Distractions are a culprit in the spike, and traffic volume plays a big role too.
“Your safety and the safety of others depends on your attention being focused totally in (driving), .... not on a text, not on social media, not on a phone call,” Georgia Department of Public Safety Commissioner Col. Mark W. McDonough said at a news conference in Macon on Tuesday.
“What’s important now is that your operate your automobile responsibly at a time where traffic is going to be incredible this weekend.”
Besides those killed on Georgia roads last year, 1,755 people were injured in 5,011 crashes.

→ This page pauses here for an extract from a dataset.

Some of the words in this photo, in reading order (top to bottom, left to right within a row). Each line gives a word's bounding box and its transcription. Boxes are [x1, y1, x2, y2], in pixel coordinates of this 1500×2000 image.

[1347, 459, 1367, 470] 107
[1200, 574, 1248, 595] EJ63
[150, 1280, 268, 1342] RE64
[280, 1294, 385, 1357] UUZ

An estimated 45.5 million people are expected to be traveling this holiday period, the most Thanksgiving travelers predicted since 2005, according to AAA. About 1.3 million of those motorists are expected on Georgia roadways.
Georgia State Patrol troopers and local law enforcement officers will be out in force, patrolling highways and roads between Wednesday and Sunday.

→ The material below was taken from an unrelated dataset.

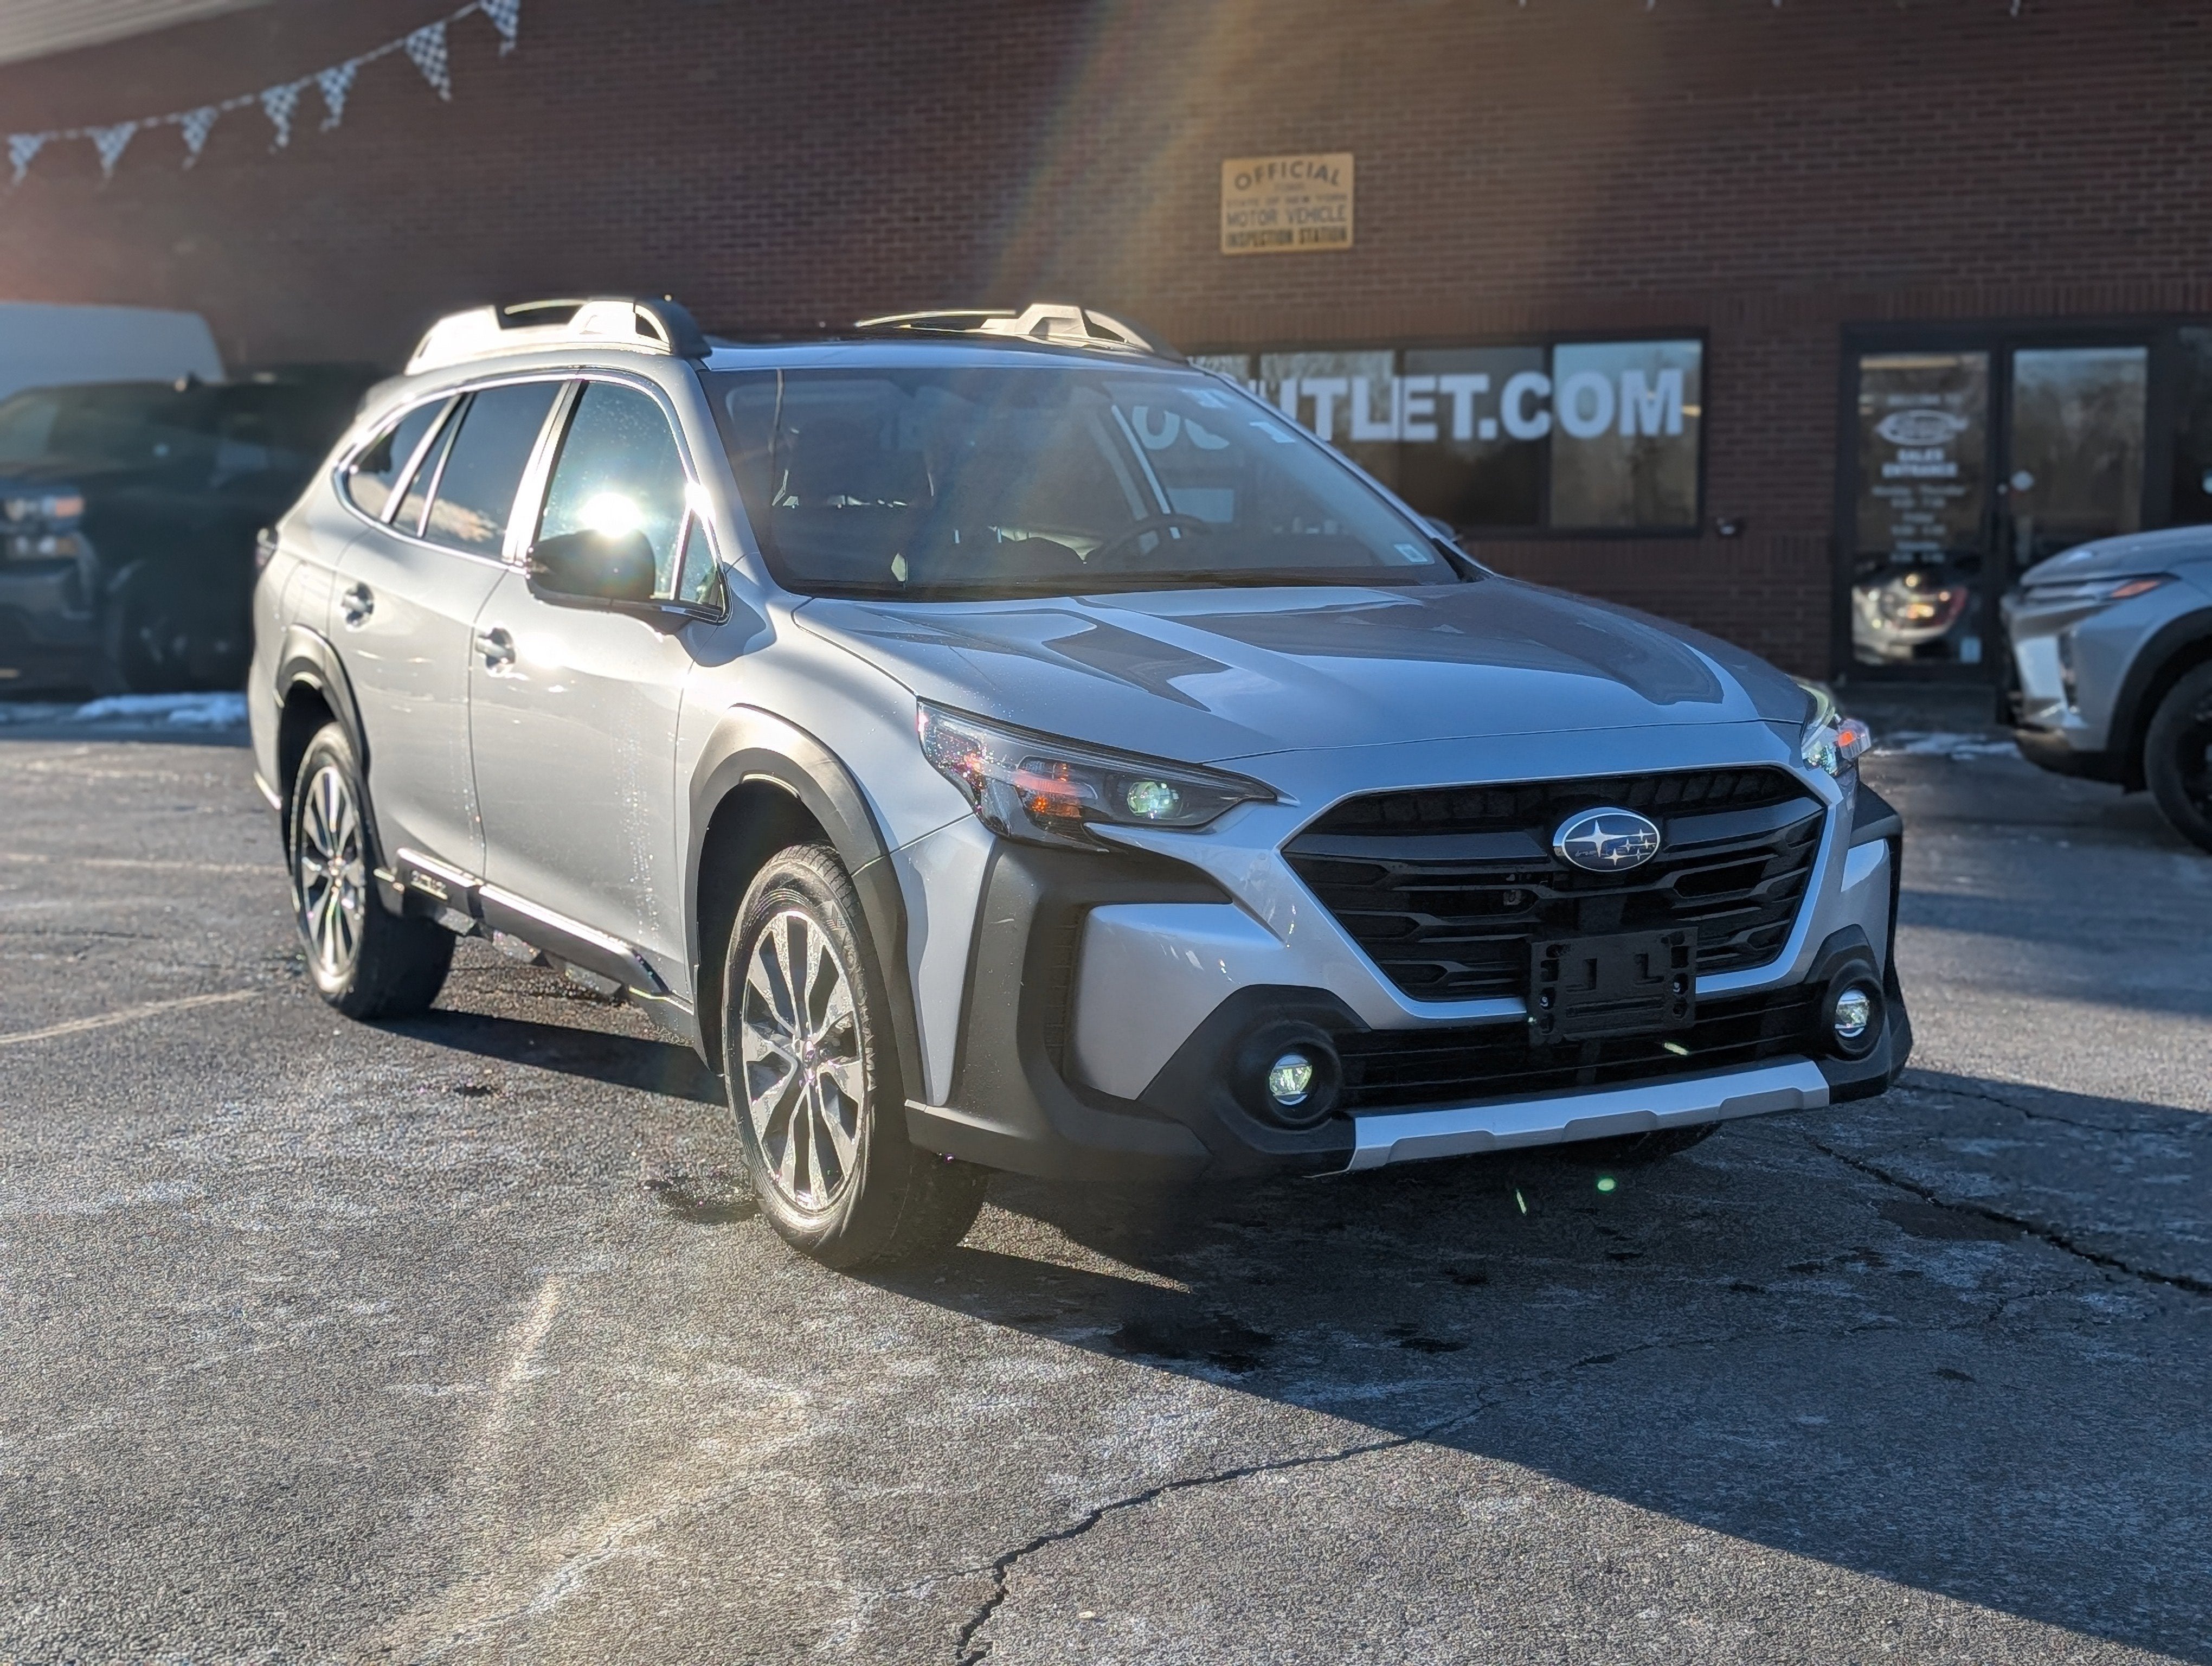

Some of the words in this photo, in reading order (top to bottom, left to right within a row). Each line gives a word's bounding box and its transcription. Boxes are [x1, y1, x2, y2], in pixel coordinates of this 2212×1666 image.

“We want people to enjoy this time with their families and come back safe and sound,” said Harris Blackwood, director of the Governor’s Office of Highway Safety.
Drinking and driving incidents typically spike the night before Thanksgiving.
Sometimes, college students who return home for the holidays “want to go out with their hometown friends, and they want to do that at the watering hole,” Blackwood said. “Make the plan of how you’re going to get home an important part of that event.”
Nationwide, more than 800 people died in alcohol-impaired crashes during the Thanksgiving holiday period from 2012 to 2016. That makes it the deadliest holiday to be on the road, according to AAA.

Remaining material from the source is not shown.